→ WHAT IS REQUIRED
Write out the data exactly, please, and omit the pictures.

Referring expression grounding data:
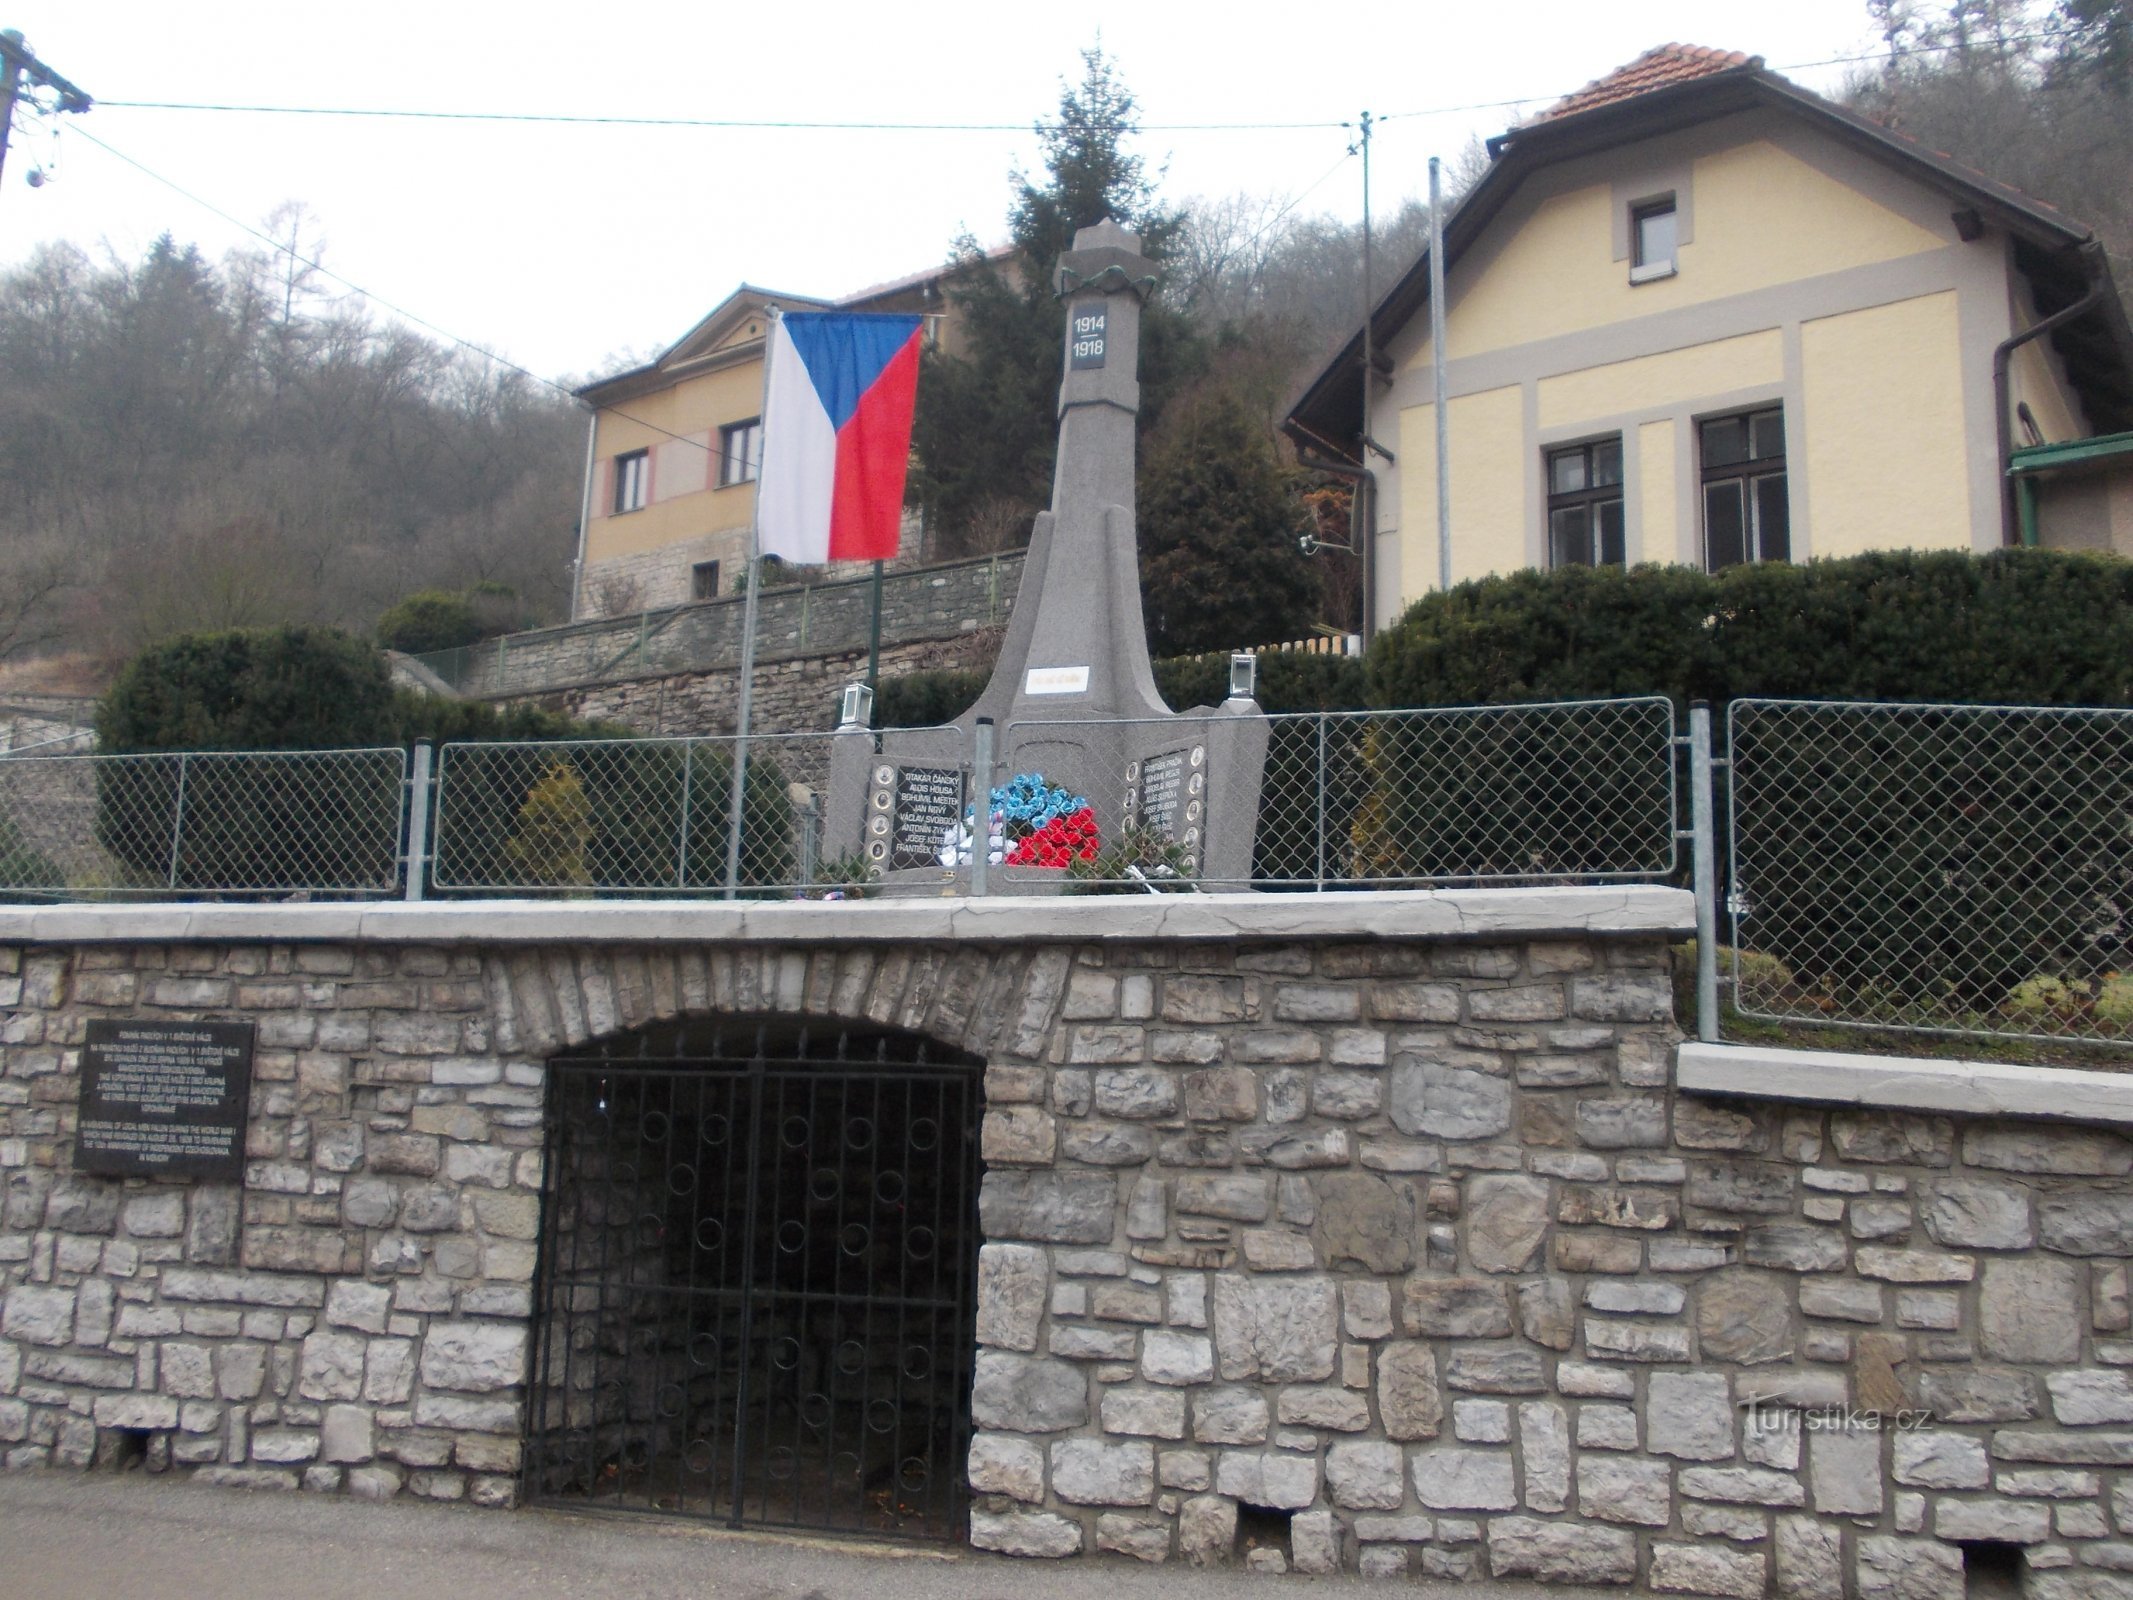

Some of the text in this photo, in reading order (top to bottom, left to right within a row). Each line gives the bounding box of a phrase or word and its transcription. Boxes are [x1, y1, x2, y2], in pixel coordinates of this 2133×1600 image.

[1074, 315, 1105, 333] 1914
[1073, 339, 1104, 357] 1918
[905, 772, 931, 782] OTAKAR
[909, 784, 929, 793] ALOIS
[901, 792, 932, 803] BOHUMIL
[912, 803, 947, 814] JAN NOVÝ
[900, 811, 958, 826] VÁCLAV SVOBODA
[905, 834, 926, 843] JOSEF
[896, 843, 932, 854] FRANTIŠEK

→ TASK OUTPUT
Some of the text in this photo, in reading order (top to bottom, left to right within a row). Each line gives the bounding box of a phrase or word and its transcription. Boxes are [x1, y1, x2, y2], in pixel coordinates of this 2133×1600 image.

[1074, 315, 1105, 333] 1914
[1073, 339, 1104, 357] 1918
[905, 772, 931, 782] OTAKAR
[909, 784, 929, 793] ALOIS
[901, 792, 932, 803] BOHUMIL
[912, 803, 947, 814] JAN NOVÝ
[900, 811, 958, 826] VÁCLAV SVOBODA
[905, 834, 926, 843] JOSEF
[896, 843, 932, 854] FRANTIŠEK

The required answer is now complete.